● **Problem description**:
Return the line containing "this 1724×1852 image." and all lines after it exactly; stop at the end of the material.

● **Entries provided**:
-----
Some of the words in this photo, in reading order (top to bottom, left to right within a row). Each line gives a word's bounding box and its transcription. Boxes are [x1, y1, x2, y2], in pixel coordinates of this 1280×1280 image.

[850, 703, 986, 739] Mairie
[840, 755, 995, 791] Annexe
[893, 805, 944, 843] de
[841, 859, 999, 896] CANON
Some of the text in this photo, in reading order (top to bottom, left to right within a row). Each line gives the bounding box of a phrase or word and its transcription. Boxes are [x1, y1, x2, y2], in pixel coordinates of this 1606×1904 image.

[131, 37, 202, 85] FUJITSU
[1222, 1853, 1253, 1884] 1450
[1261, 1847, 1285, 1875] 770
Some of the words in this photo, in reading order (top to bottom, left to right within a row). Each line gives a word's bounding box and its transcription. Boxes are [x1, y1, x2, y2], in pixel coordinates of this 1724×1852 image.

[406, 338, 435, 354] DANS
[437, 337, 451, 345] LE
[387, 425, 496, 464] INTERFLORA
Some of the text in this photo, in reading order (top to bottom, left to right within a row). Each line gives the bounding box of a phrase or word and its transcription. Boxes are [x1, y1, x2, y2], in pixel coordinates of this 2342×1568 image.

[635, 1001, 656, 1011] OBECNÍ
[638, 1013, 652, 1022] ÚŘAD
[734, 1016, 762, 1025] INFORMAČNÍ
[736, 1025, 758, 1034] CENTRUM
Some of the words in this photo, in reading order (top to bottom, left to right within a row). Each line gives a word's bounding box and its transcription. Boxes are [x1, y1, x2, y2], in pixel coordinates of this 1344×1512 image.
-----
● **Finished exercise**:
Some of the words in this photo, in reading order (top to bottom, left to right within a row). Each line gives a word's bounding box and its transcription. Boxes are [x1, y1, x2, y2], in pixel coordinates of this 1724×1852 image.

[406, 338, 435, 354] DANS
[437, 337, 451, 345] LE
[387, 425, 496, 464] INTERFLORA
Some of the text in this photo, in reading order (top to bottom, left to right within a row). Each line gives the bounding box of a phrase or word and its transcription. Boxes are [x1, y1, x2, y2], in pixel coordinates of this 2342×1568 image.

[635, 1001, 656, 1011] OBECNÍ
[638, 1013, 652, 1022] ÚŘAD
[734, 1016, 762, 1025] INFORMAČNÍ
[736, 1025, 758, 1034] CENTRUM
Some of the words in this photo, in reading order (top to bottom, left to right within a row). Each line gives a word's bounding box and its transcription. Boxes are [x1, y1, x2, y2], in pixel coordinates of this 1344×1512 image.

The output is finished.